Do you do sharing at all? Are your things not to be touched by anyone else? I'm assuming your partner was perfectly happy with his son using it, so I honestly don't understand why you aren't.

Weebitawks · 23/07/2019 16:20

So weird. If you were a decent person, you'd be happy that maybe you'd found something that your partner's son enjoys

Greeve · 23/07/2019 16:20

So your previously "part time" parent partner become a full time parent a year ago? How are you coping with that change?

Bluntness100 · 23/07/2019 19:41

So your previously "part time" parent partner become a full time parent a year ago? How are you coping with that change?

Not very well it seems. Op, I'm guessing uou don't have kids? And that's why uou struggle to understand why he'd let his son play with it?

Also this guitar is clearly a huge deal to you. You hunting it out, inspecting it, fantasising about taking it back, even being taken aback his son is allowed to play with it.

Are you like this with all gifts?

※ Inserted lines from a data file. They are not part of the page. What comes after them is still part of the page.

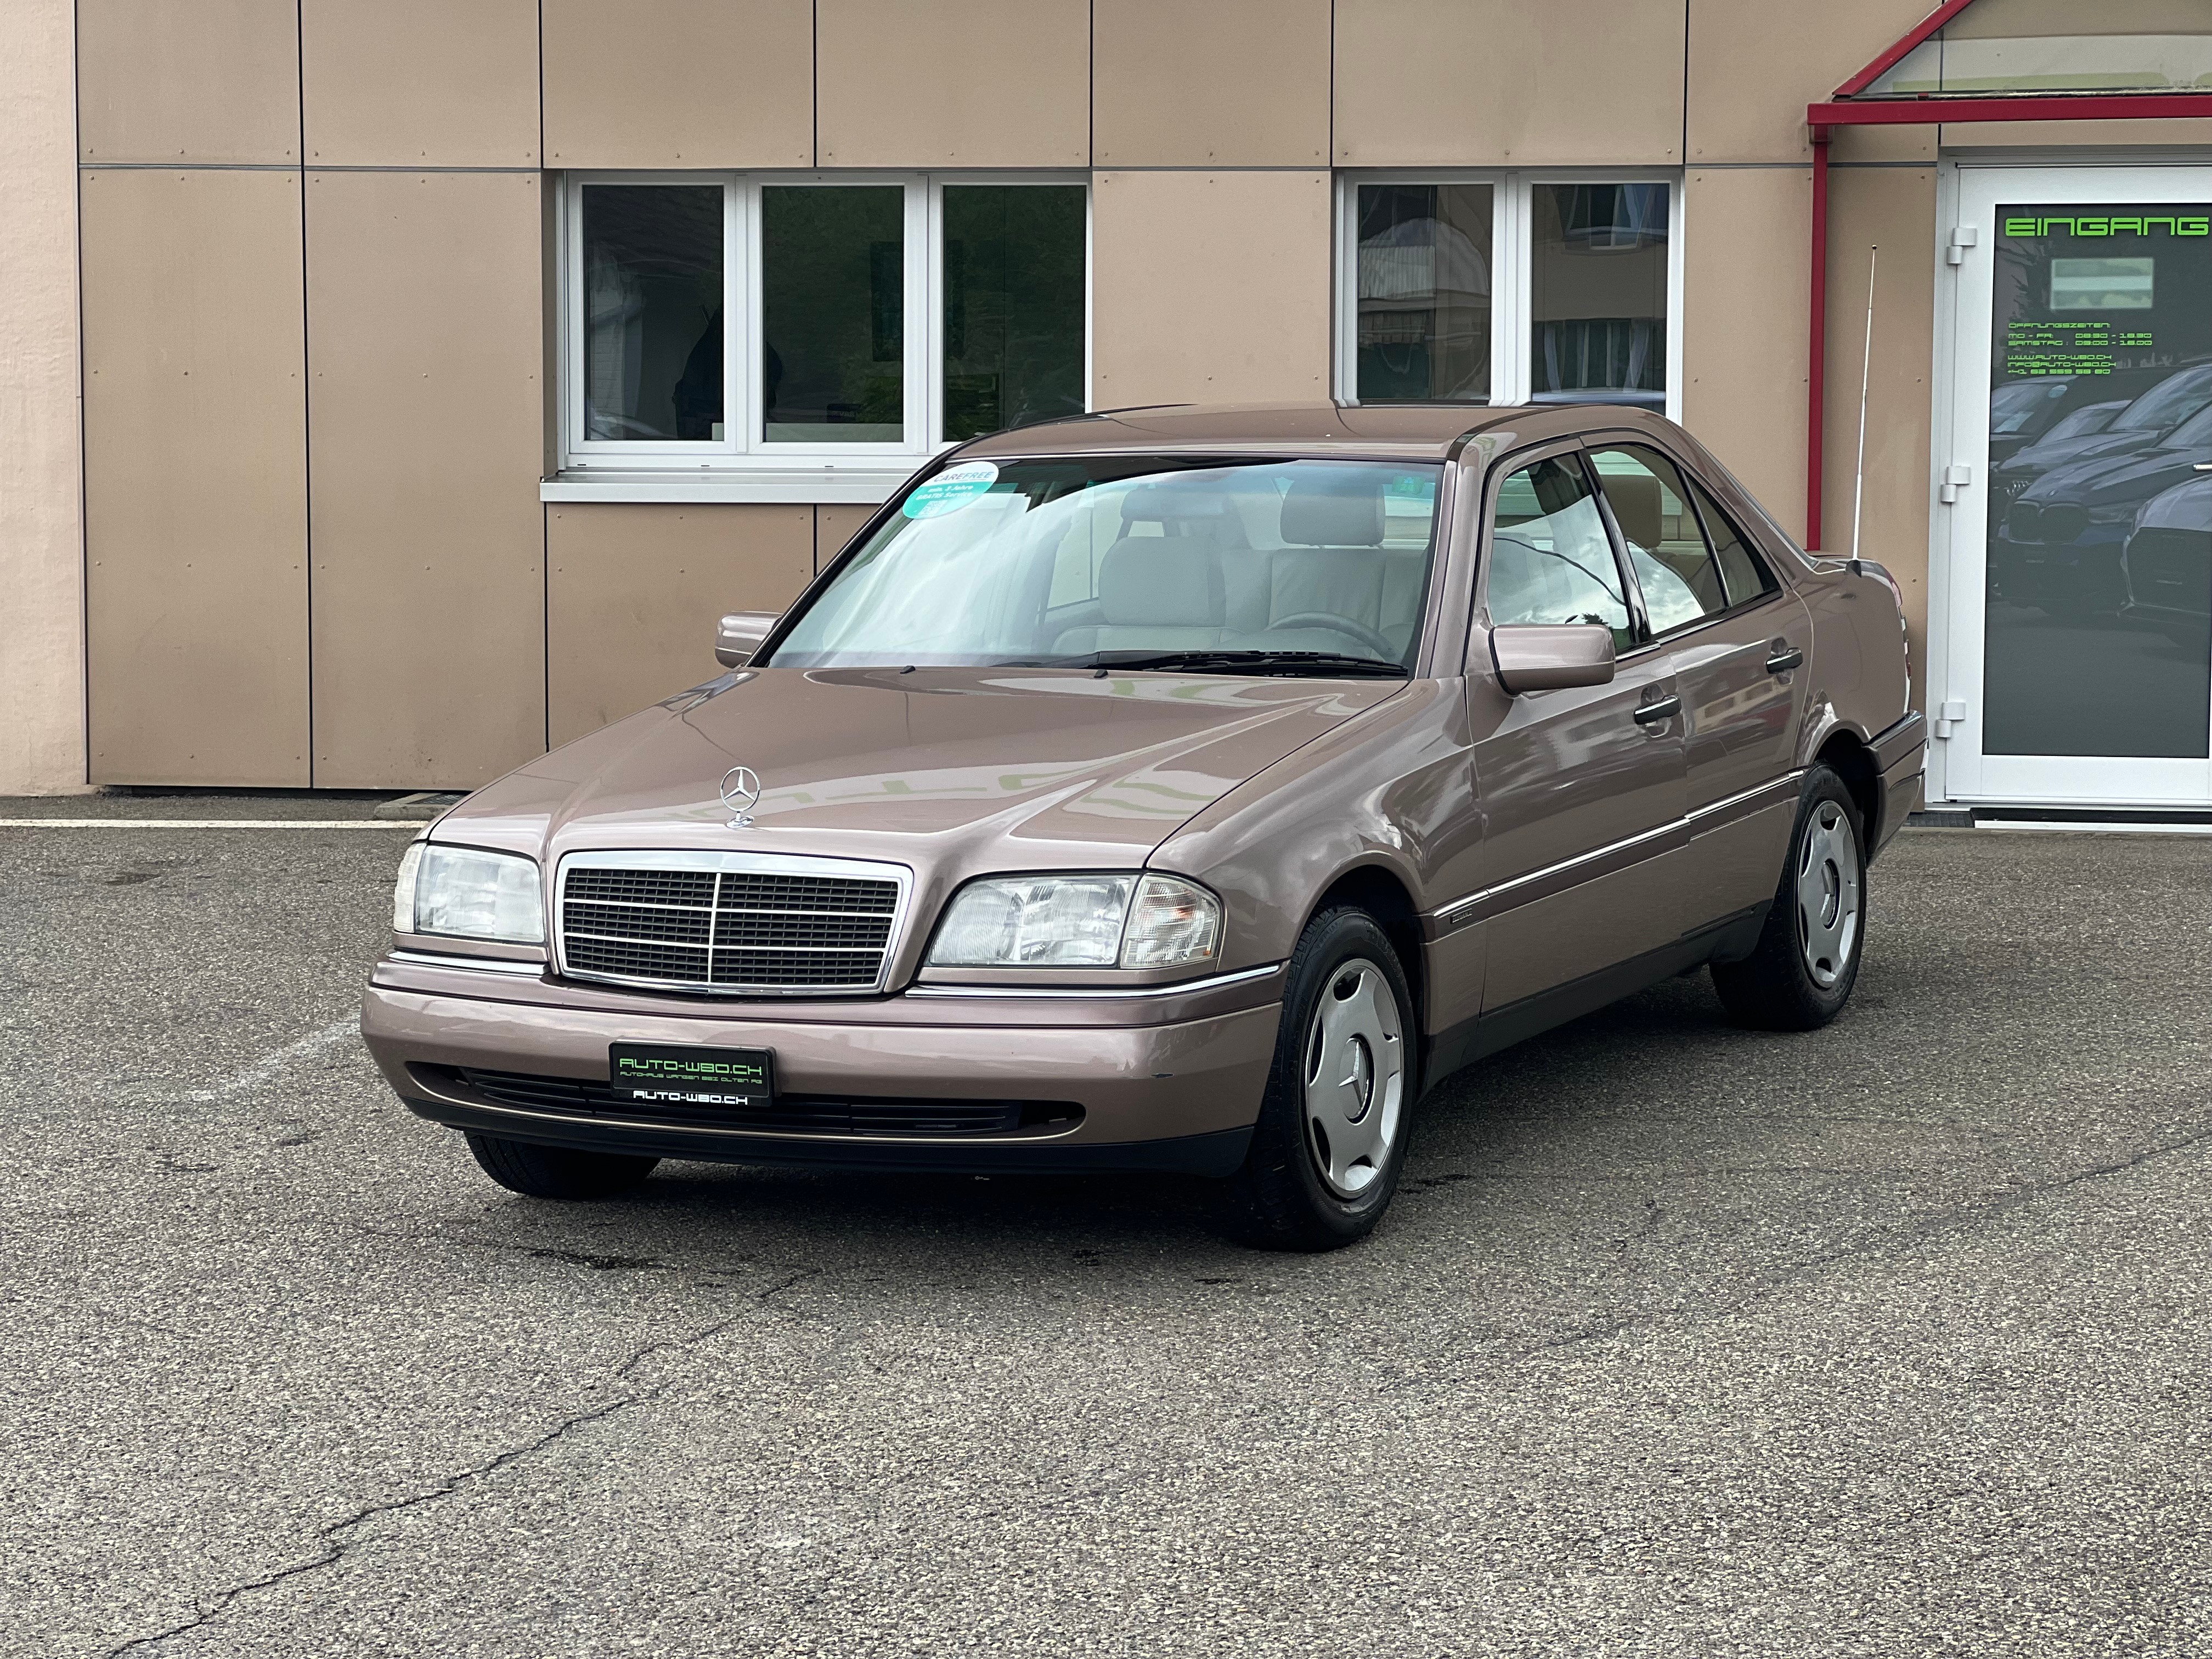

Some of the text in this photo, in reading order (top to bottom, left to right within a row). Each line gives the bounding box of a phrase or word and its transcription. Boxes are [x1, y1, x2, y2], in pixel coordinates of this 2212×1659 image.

[2006, 217, 2209, 236] EINGANG
[934, 471, 995, 482] CAREFREE
[915, 492, 944, 500] GRATIS
[619, 1058, 762, 1076] AUTO-WBO.CH
[633, 1090, 748, 1105] AUTO-WBO.CH

Or is there something about this guitar that's different? Like a special gift or way more than you'd normally spend or something?

lljkk · 23/07/2019 20:19

Guitar strings are easy to replace. Even I can do it. Not a big deal.
You could ask your partner if he wants to get rid of the clutter guitar. That would be reasonable.

SilverySurfer · 23/07/2019 20:26

YABU - so you would rather see it rot, unused in the corner than for his son to play it? Very weird, I would be happy that it was being used.

You need to unclench.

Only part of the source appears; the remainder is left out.